Vous méditez ? Ne cessez jamais l'entraînement


S'il y a quelque chose de très difficile à traduire par des mots, c'est cette prise en compte spécifique du réel, de la situation présente, sans le moindre artifice, sans le moindre écart, sans la moindre affectation. A chaque fois, l'attitude témoigne justement de ce qui n'est plus une attitude.

C'est frais, c'est neuf, c'est sans intention. Persiste seulement, cette intimité avec le réel, tellement fine, diaphane, délicate, subtile, que cela force un infini respect. Voici la trace laissée par Hirano Katsufumi Rôshi, maître zen sôtô, venu du Japon donner un enseignement au Centre Dürckheim.
Cet enseignement nous oblige, non pas à rester fixé sur des mots, il nous oblige dans le sens d'une actualisation de ce que nous avons vu et senti.
Le vent d'automne, les petites fleurs, la nature telle quelle... Le passage d'Hirano Rôshi au Centre a soufflé un vent de simplicité. Pas d'artifice, aucune prétention dans l'usage des mots. Tous les exemples cités sont des références à la nature. La nature, c'est la parfaite coïncidence avec les cycles voulus par la vie, c'est se laisser entraîner dans l'action irréfléchie de tout ce qui constitue le vivant. Les arbres ne luttent pas, la petite violette ne sait pas qu'elle est là, elle coïncide simplement avec son être-là.

L'entraînement (c'est bien le terme utilisé par Hirano Rôshi) consiste justement à se laisser entraîner dans cette participation au courant de la vie et ses multiples changements. Ne rien s'approprier tout en demeurant entièrement concerné (dans le sens de « être touché »), induit un travail incessant relatif à l'implication exercée dans l'assise. Cela nous engage à poursuivre et approfondir l'expression la plus juste qui soit de notre vraie nature, ce qui Est de soi- même, tel que c'est. Nous pouvons retrouver la source de cet enseignement dans le texte du Shôbôgenzô dont Dôgen est l'auteur : « L'enseignement fondamental est transmis grâce à la méditation assise, de cœur à cœur. Sans prêcher la voie avec la bouche, il suffit de montrer la forme avec justesse. »
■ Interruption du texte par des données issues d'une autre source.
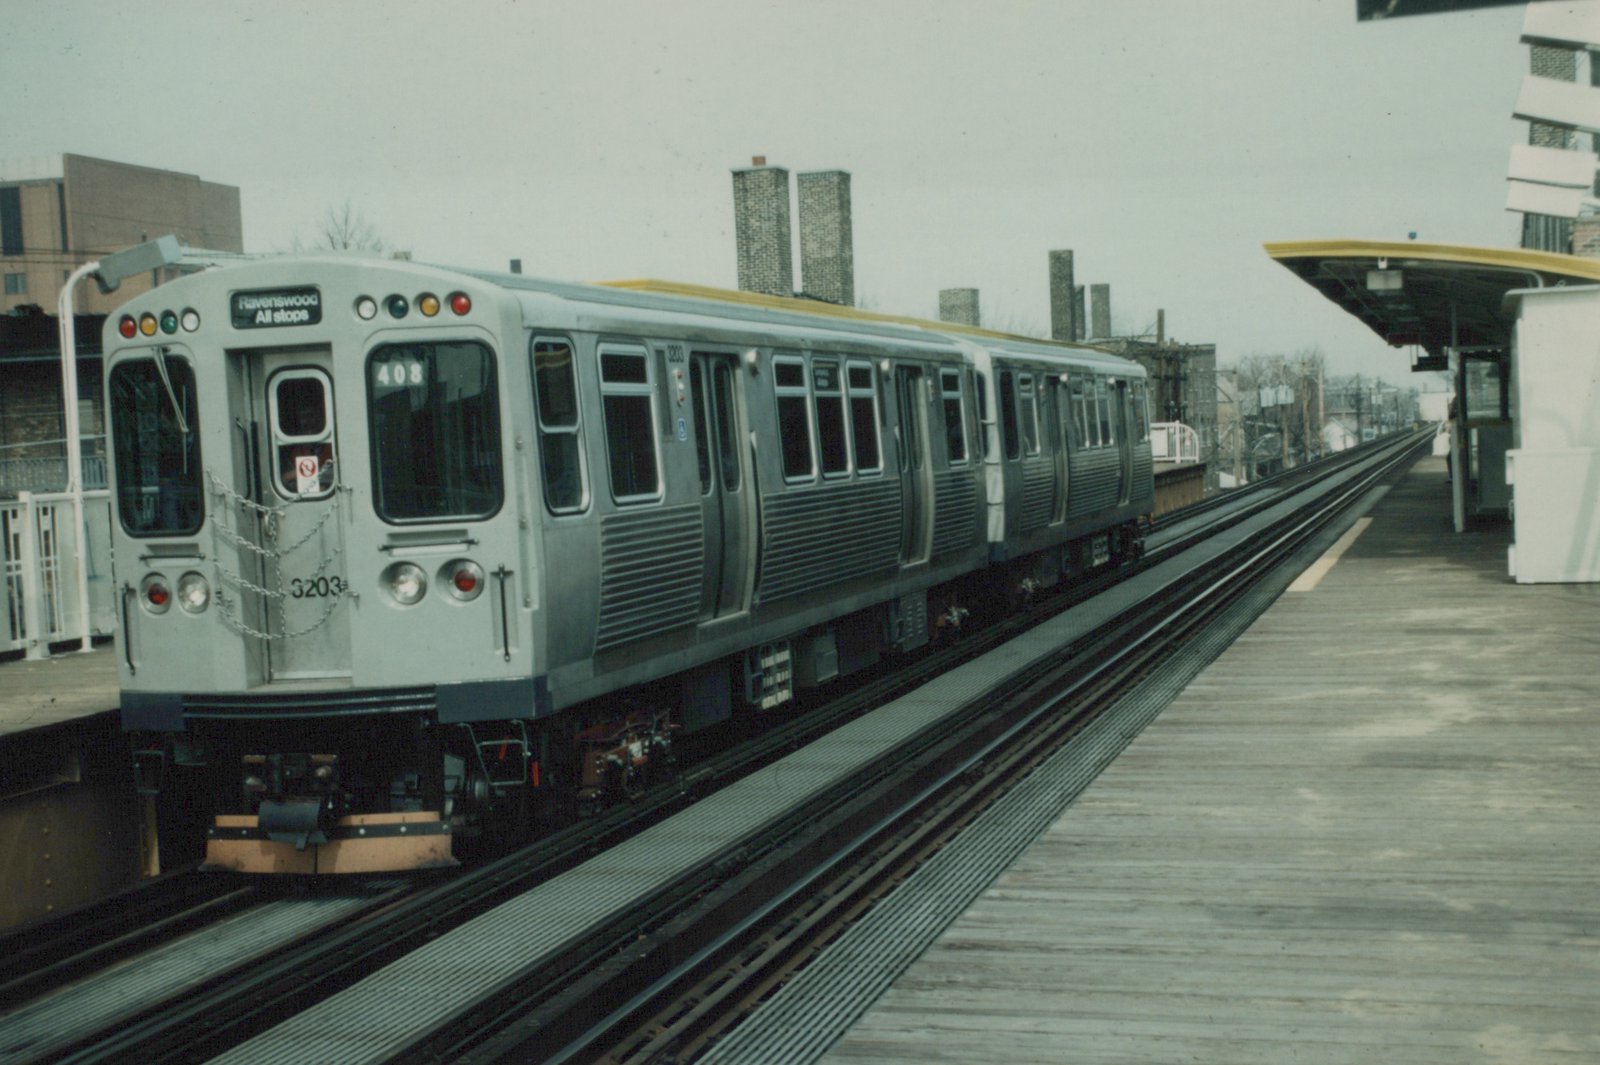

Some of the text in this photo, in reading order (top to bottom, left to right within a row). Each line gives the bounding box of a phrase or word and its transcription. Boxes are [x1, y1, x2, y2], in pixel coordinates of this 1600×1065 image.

Ce qui est travaillé, dans cet enseignement, c'est le degré d'implication qui est le juste « ne rien faire ». L'excès d'implication démontre un désir, or la nature est sans désir, le manque d'implication démontre un retrait, or la nature ne se retire jamais de la situation ; elle assume totalement, le printemps comme l'été, l'automne comme l'hiver.
Cette pratique, et c'est ce dont témoigne Hirano Rôshi dans sa manière d'être là, met en exergue un infini respect pour ce moment de vie qui nous arrive tel qu'il est, qu'il n'y a pas d'autre vérité que celle-là et que nous devons l'accueillir telle quelle. La vie, telle quelle, nous arrive maintenant. Le respect, c'est cette attitude intérieure qui fait que l'on ne peut envisager n'importe quelle action, si ordinaire soit-elle, si banale soit-elle, sans s'incliner intérieurement devant l'activité en cours.
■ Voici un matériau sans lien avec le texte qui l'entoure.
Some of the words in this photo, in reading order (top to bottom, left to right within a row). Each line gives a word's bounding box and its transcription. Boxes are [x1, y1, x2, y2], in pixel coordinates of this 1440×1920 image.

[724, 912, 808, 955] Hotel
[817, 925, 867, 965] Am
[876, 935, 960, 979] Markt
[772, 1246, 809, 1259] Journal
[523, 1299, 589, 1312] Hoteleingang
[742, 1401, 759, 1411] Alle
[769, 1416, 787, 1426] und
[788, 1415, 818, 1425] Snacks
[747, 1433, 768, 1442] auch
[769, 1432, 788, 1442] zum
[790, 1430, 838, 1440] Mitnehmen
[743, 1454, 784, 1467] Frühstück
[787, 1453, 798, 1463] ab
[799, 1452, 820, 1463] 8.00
Il n'y a là-dedans aucune quête, aucun signifiant, il y a juste cette célébration du moment, tout en nous gardant bien de confondre célébration et sacralisation. A chaque fois que nous entendons un tel enseignement, nous n'avons pas fait l'acquisition d'un savoir, mais nous nous sentons « obligés », c'est-à-dire confrontés à cette responsabilité d'accueillir le naturel nous laisser revenir à ce qu'il y a d'originel, à ce qui n'est pas de notre fait.
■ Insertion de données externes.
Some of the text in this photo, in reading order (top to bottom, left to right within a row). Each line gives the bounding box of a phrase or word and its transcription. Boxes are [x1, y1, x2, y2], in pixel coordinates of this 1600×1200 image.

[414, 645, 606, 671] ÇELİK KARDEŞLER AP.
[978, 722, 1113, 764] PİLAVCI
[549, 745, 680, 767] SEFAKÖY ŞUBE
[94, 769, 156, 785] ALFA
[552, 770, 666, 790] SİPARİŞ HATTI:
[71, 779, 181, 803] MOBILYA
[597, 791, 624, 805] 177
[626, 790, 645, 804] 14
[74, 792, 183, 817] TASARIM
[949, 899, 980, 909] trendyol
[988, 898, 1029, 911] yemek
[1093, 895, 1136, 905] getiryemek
Les maîtres ne nous démontrent pas la logique d'un cheminement, ils dévoilent une manière d'être. Lorsqu'ils répondent à la question d'un disciple, ils le font par le biais d'une histoire qui témoigne d'une attitude devant une situation. C'est cela qui nous touche au plus profond et nous ramène de ce fait à une mise en pratique immédiate à travers l'exercice. Nous devons démontrer la simplicité, « montrer la forme avec justesse ». 

Hirano Rôshi le dit et le répète : « Ne cessez jamais l'entraînement ».